The 42-year-old recalls watching lunar landings on a black-and-white TV when he was a child growing up in Victoria, BC. Then, during his university days, what Criswick had hoped to become was an astronaut. His studies and early career all pointed to space flight. In the early 1990s, Criswick studied space physics in York’s Department of Earth & Space Science & Engineering. After obtaining his master’s degree from York, he worked at an observatory in Utah.
Soon after Richard Branson’s Virgin Galactic began accepting expressions of interest, Criswick became the first Canadian to book a seat on a rocket plane that is expected to take off in the next year or 18 months. He paid US$20,000 down – 10 per cent of the full fee.
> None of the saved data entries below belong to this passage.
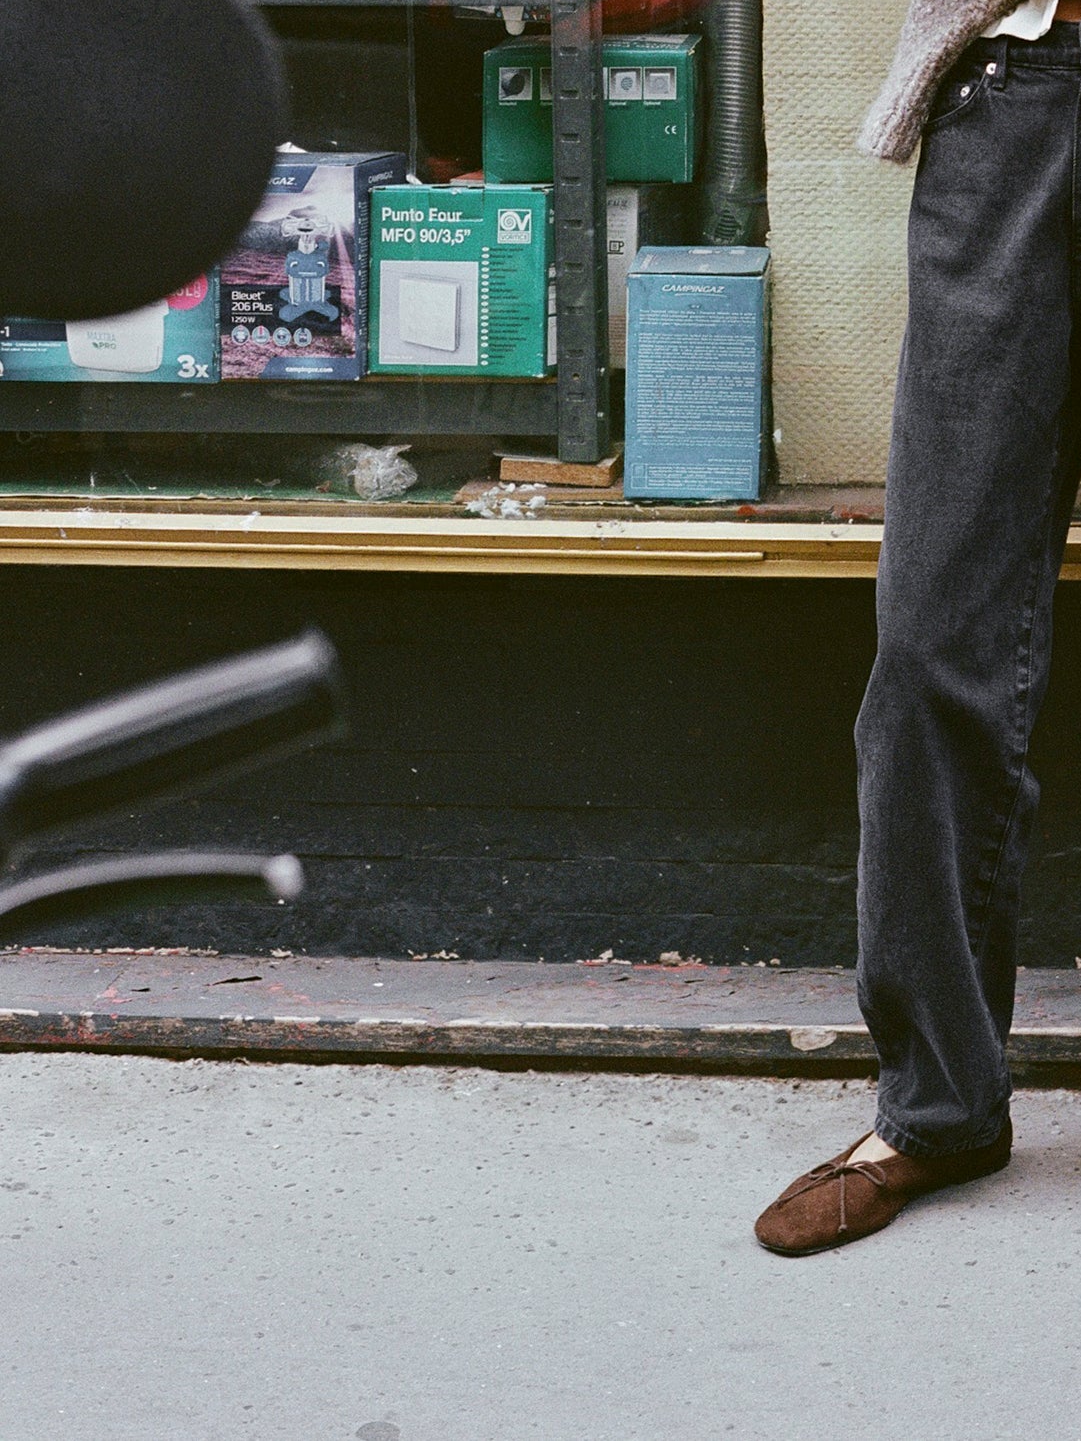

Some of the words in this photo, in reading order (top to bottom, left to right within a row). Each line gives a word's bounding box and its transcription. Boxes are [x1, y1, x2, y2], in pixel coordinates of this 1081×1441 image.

[381, 207, 424, 222] Punto
[429, 207, 462, 222] Four
[381, 228, 416, 243] MFO
[661, 284, 725, 294] CAMPINGAZ
[231, 301, 251, 311] 206
[252, 301, 273, 312] Plus
[87, 332, 116, 342] MAXTRA
[99, 342, 117, 350] PRO
[177, 354, 209, 379] 3x
[285, 366, 333, 374] campingaz.com
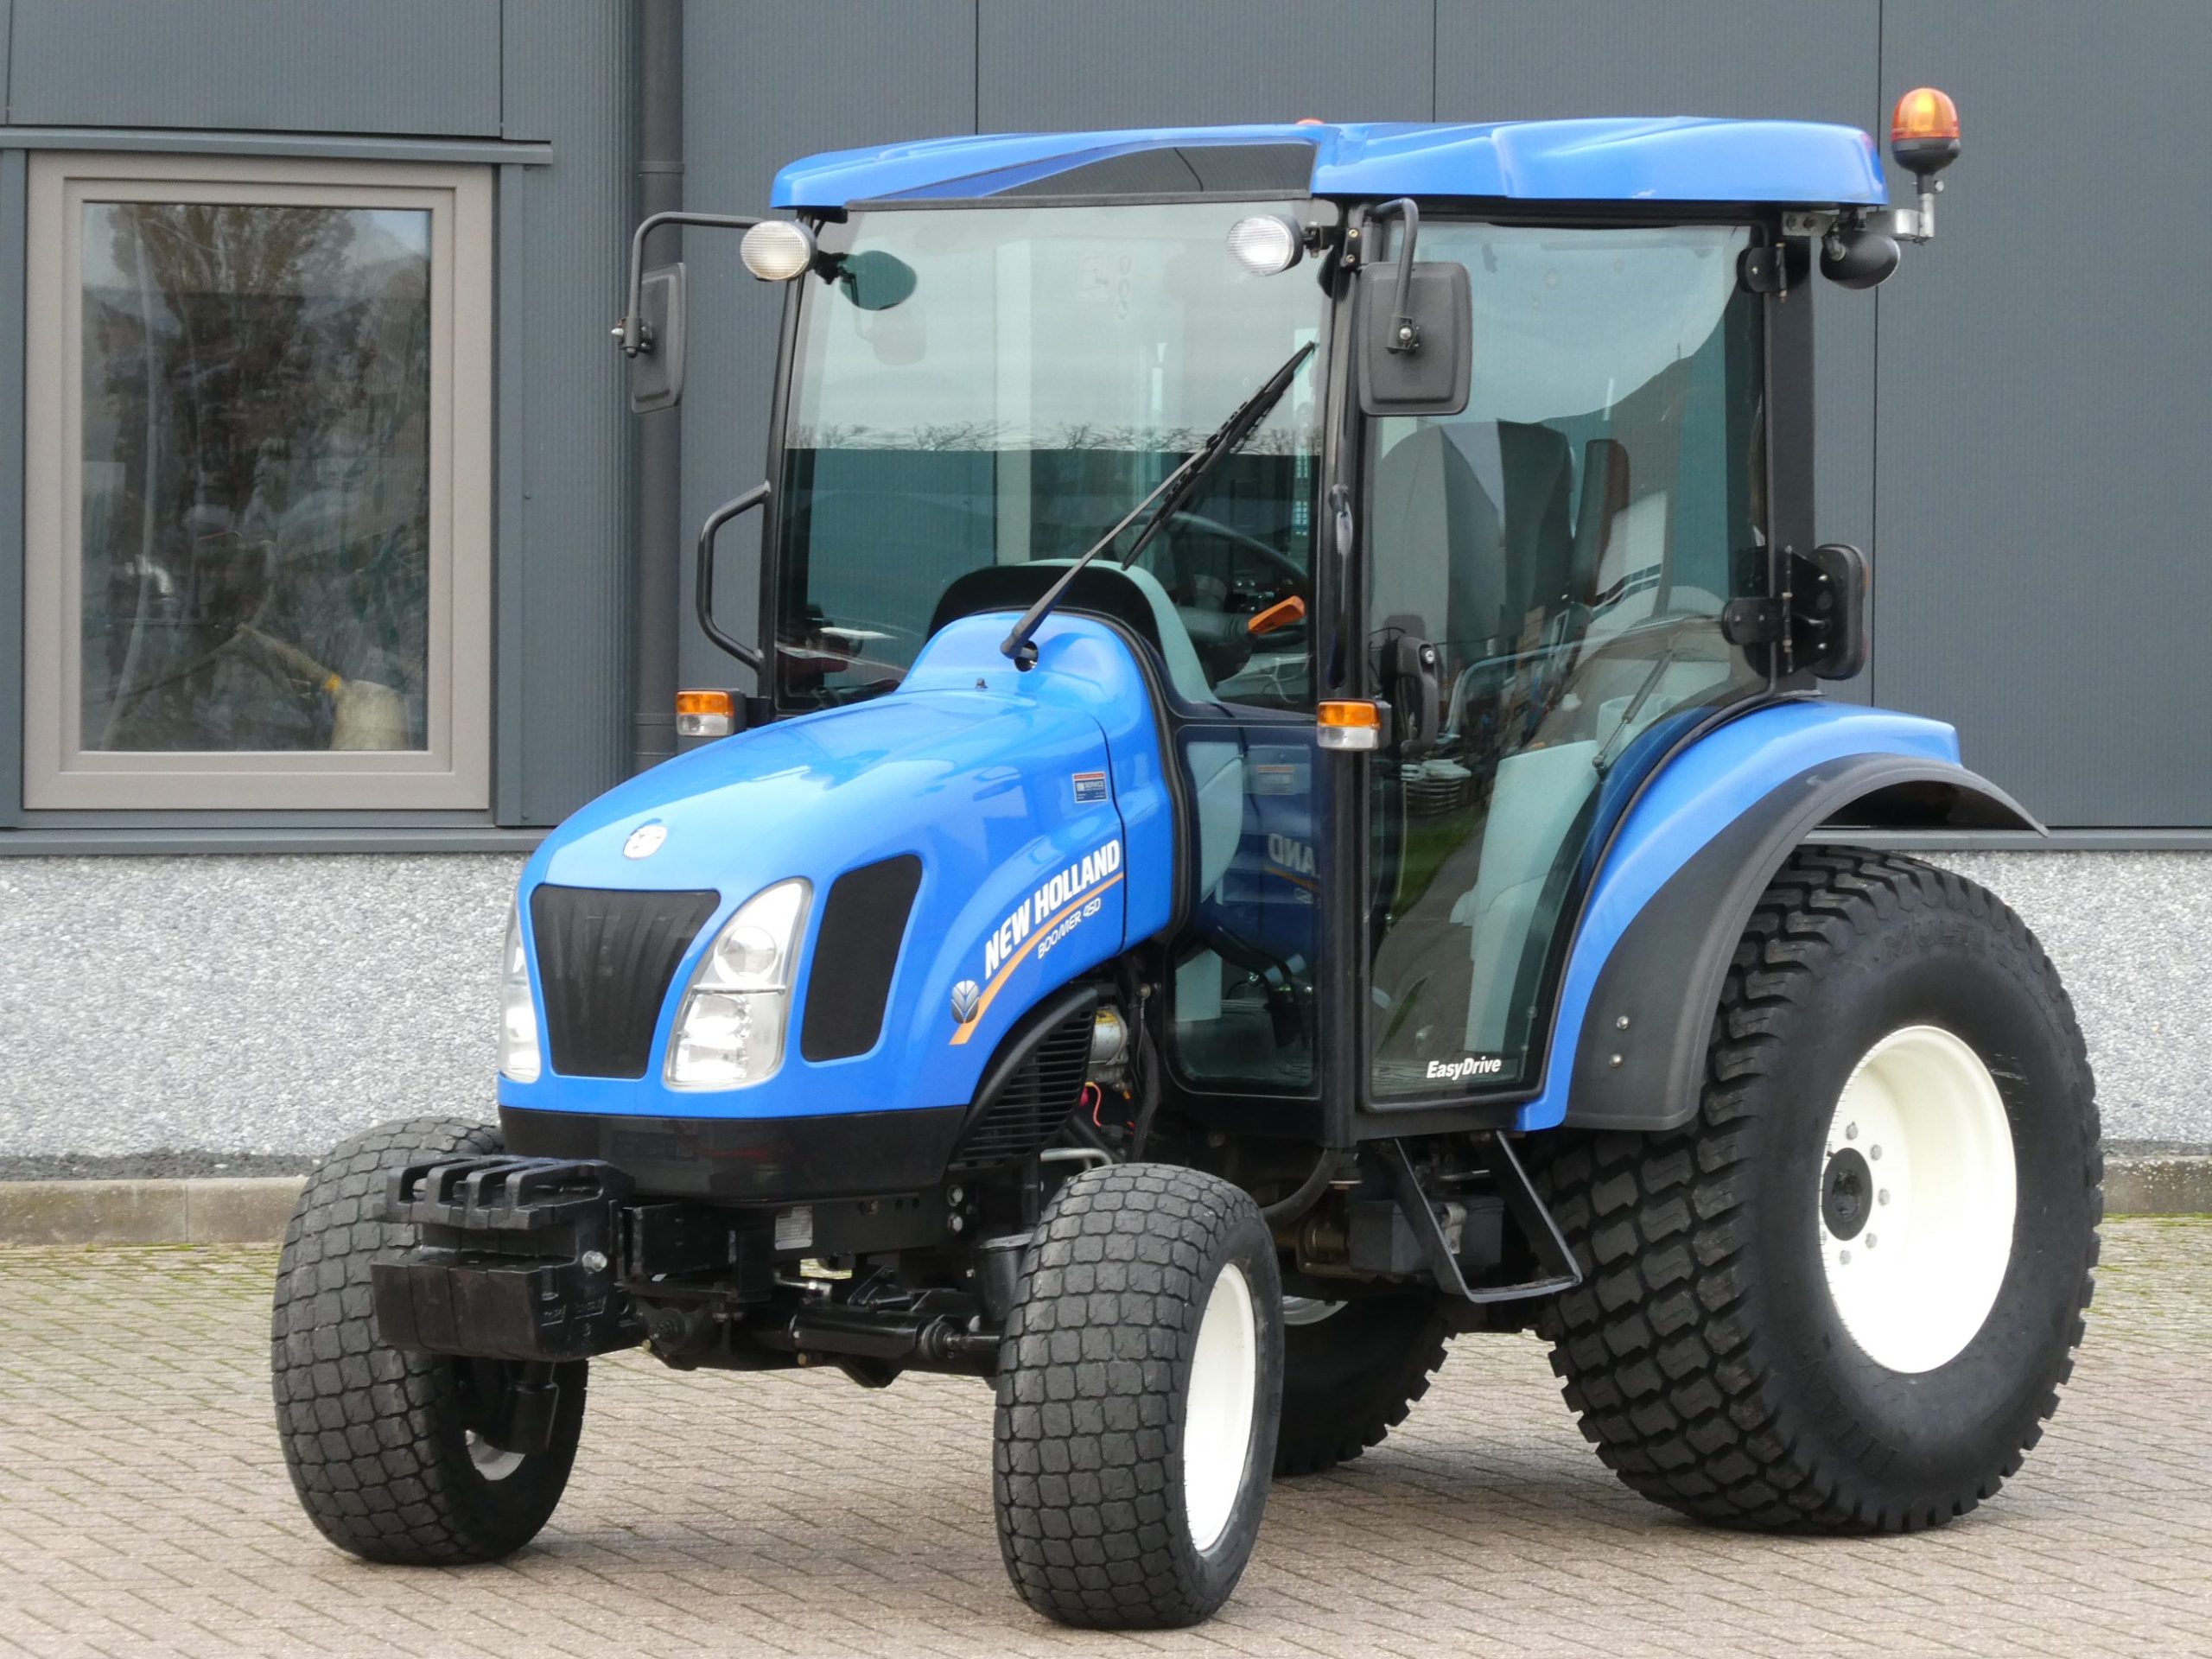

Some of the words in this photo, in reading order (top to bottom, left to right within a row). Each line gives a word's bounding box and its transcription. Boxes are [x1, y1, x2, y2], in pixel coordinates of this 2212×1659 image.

[985, 898, 1031, 980] NEW
[1033, 839, 1121, 925] HOLLAND
[1038, 910, 1082, 959] BOOMER
[1426, 1056, 1502, 1081] EasyDrive
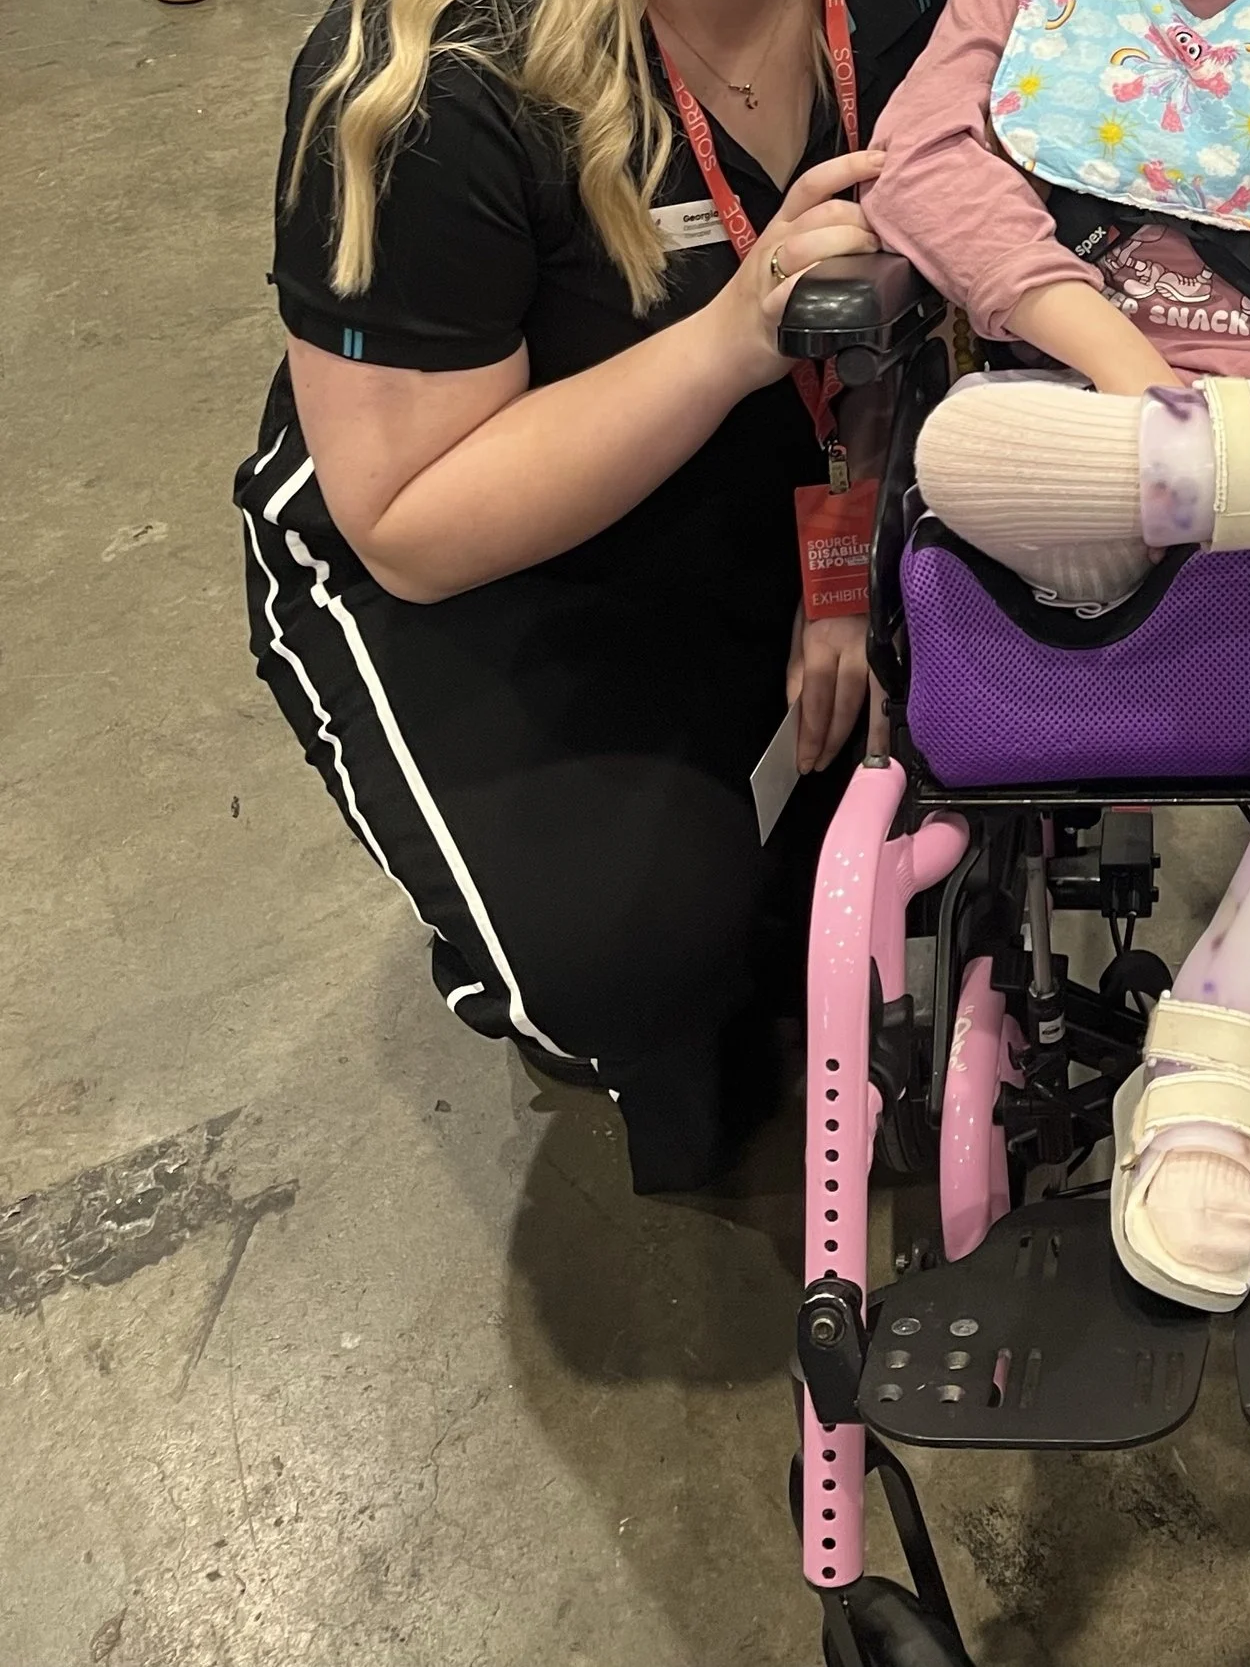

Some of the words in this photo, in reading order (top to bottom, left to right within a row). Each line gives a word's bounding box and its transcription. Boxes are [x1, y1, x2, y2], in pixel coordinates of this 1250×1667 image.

[676, 78, 717, 172] SOURCE
[723, 201, 757, 249] RCE
[1075, 225, 1107, 257] spex
[807, 534, 858, 550] SOURCE
[808, 543, 870, 560] DISABILIT
[809, 557, 844, 571] EXPO
[813, 587, 869, 606] EXHIBIT
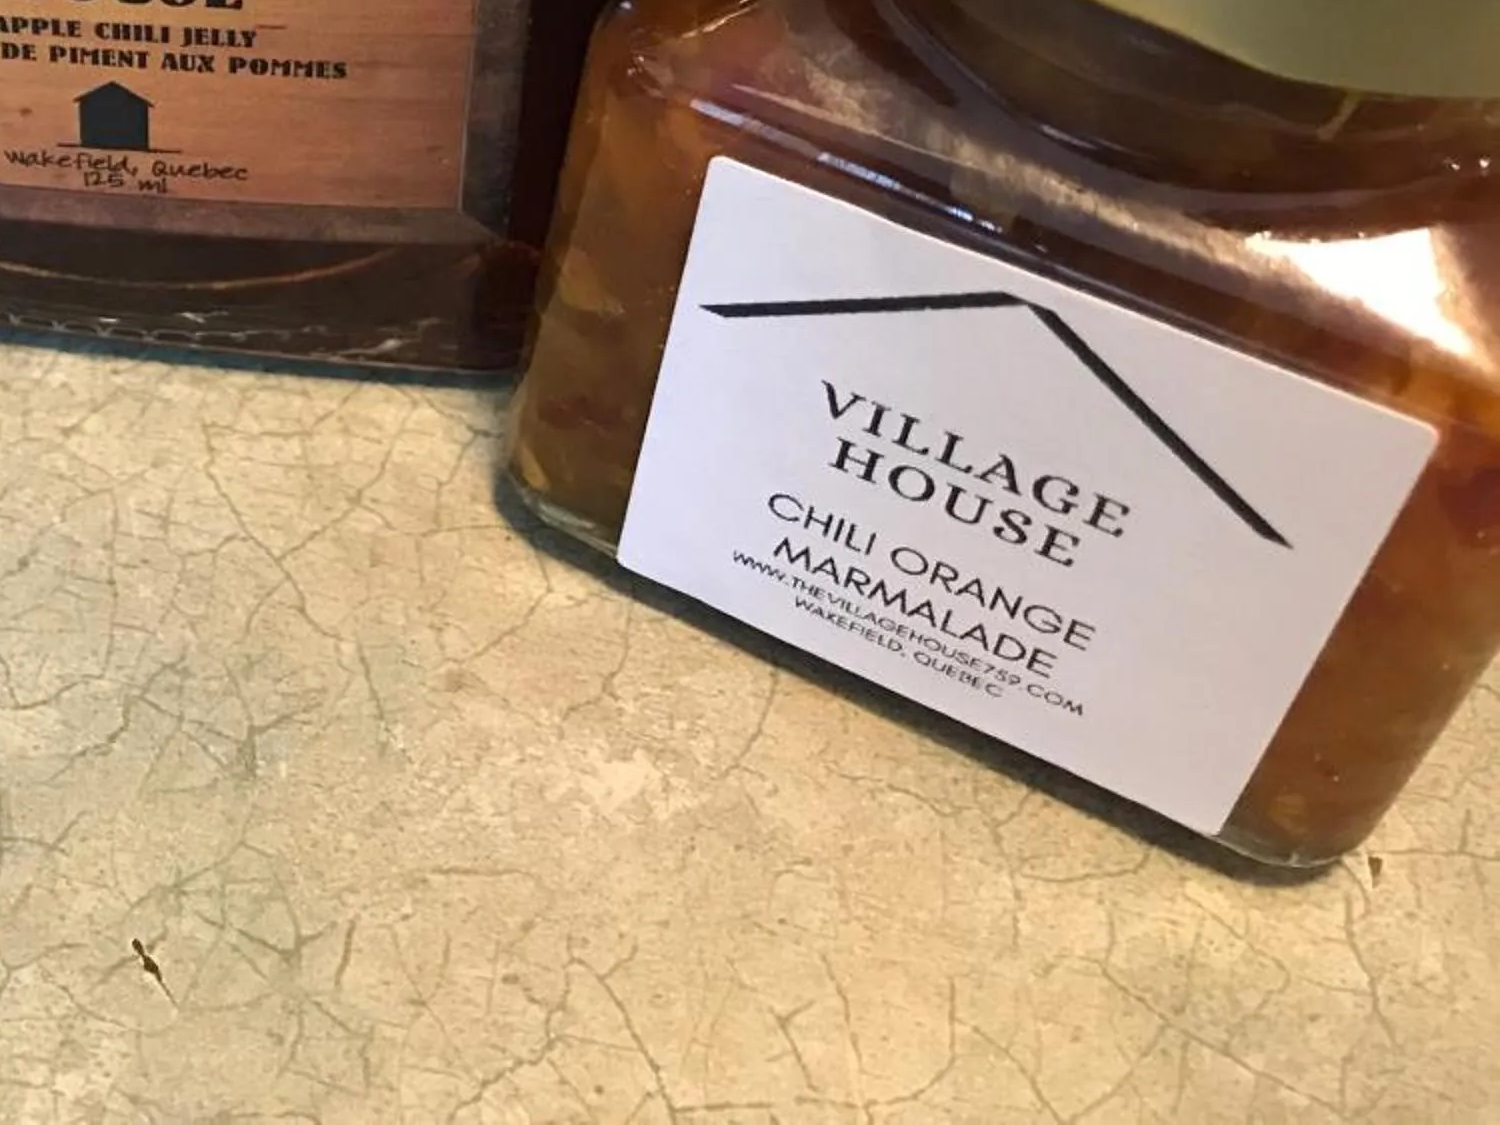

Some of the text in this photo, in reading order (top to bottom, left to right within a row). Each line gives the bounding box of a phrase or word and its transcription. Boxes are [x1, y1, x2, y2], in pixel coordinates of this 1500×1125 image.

Military co-op opens door to a career
Graduates of a new co-op work placement program offered by the Army Reserve and local school boards – many of whom attend university or college while continuing with the Army Reserve – credit the program with their current success, reported the Toronto Star Sept. 28. “The biggest skill that is developed here is teamwork, which will make or break you on that course,” says Martin Boreczek, a reservist corporal who served in Afghanistan in 2004-2005 and is now in his fourth year at York University. “The military is great for time-management skills,” he says. “A lot of things need to get done on time, which is something procrastinating university students could learn and apply.”
Osgoode trade expert publishes report touting benefits of corporate diversity
Ottawa should consider a company’s commitment to diversity before awarding a federal contract, argues a new report commissioned by the Canadian Aboriginal and Minority Supplier Council, reported the Toronto Star Sept. 28. Minority-owned businesses often struggle to integrate into the Canadian market. In general, minorities are expected to make up one-quarter of Canada’s population by 2017, and the disproportionate unemployment and poverty rates minorities experience will continue to grow without government intervention, says the study, which was released yesterday. The 58-page supplier-council study, co-authored by Charles Gastle, professor of international trade at York’s Osgoode Hall Law School, and former colleague Zara Merali, also highlights the economic opportunities aboriginal and minority businesses offer.
- London’s A-Channel news reported Sept. 26 that dancers from York’s Faculty of Fine Arts took part in the Pearson School for the Arts annual Arts Harvest.